> [Data excerpts]
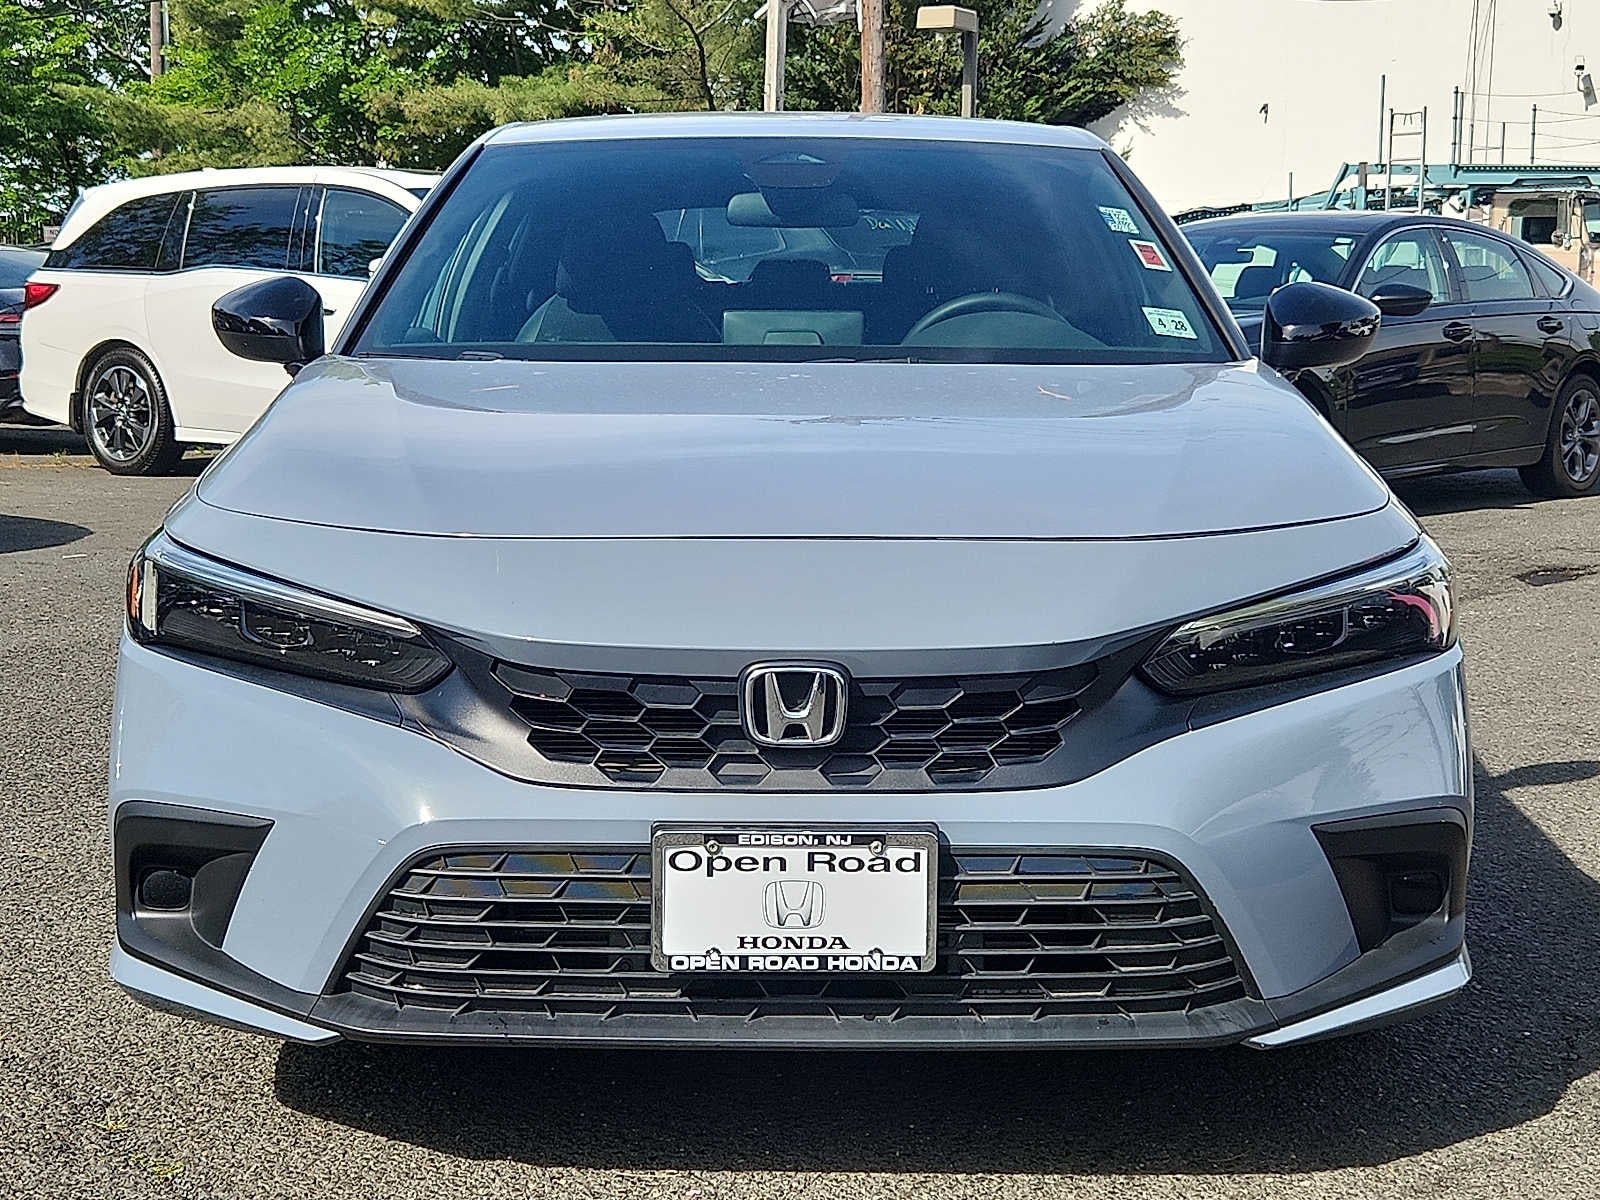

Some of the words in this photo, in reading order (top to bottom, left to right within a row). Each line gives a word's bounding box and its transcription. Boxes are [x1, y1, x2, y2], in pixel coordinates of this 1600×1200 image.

[1158, 318, 1167, 329] 4
[1171, 319, 1188, 332] 28
[738, 834, 819, 846] EDISON,
[825, 835, 852, 846] NJ
[668, 850, 787, 878] Open
[807, 851, 921, 873] Road
[736, 935, 852, 950] HONDA
[670, 955, 740, 971] OPEN
[748, 955, 819, 971] ROAD
[827, 956, 919, 971] HONDA
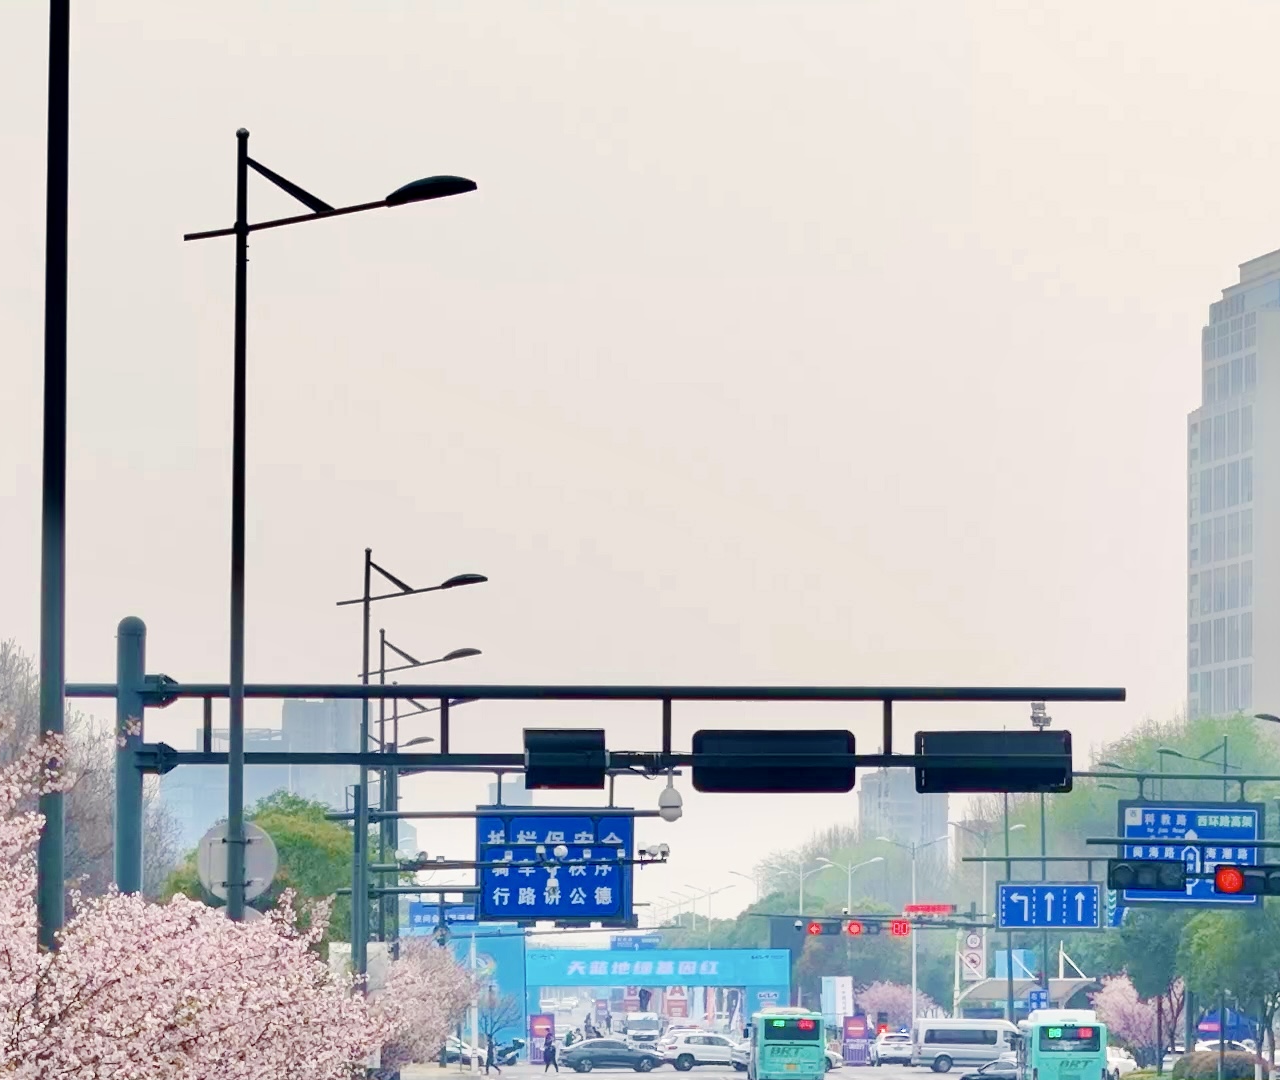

> [Exercise requirements] Quote each record exactly as it stands, minus the pictures.

> [Expected answer]
Some of the words in this photo, in reading order (top to bottom, left to right within a row). Each line gives a word's bounding box and its transcription. Boxes are [x1, y1, x2, y2], in pixel coordinates of this 1600×1200 image.

[1158, 318, 1167, 329] 4
[1171, 319, 1188, 332] 28
[738, 834, 819, 846] EDISON,
[825, 835, 852, 846] NJ
[668, 850, 787, 878] Open
[807, 851, 921, 873] Road
[736, 935, 852, 950] HONDA
[670, 955, 740, 971] OPEN
[748, 955, 819, 971] ROAD
[827, 956, 919, 971] HONDA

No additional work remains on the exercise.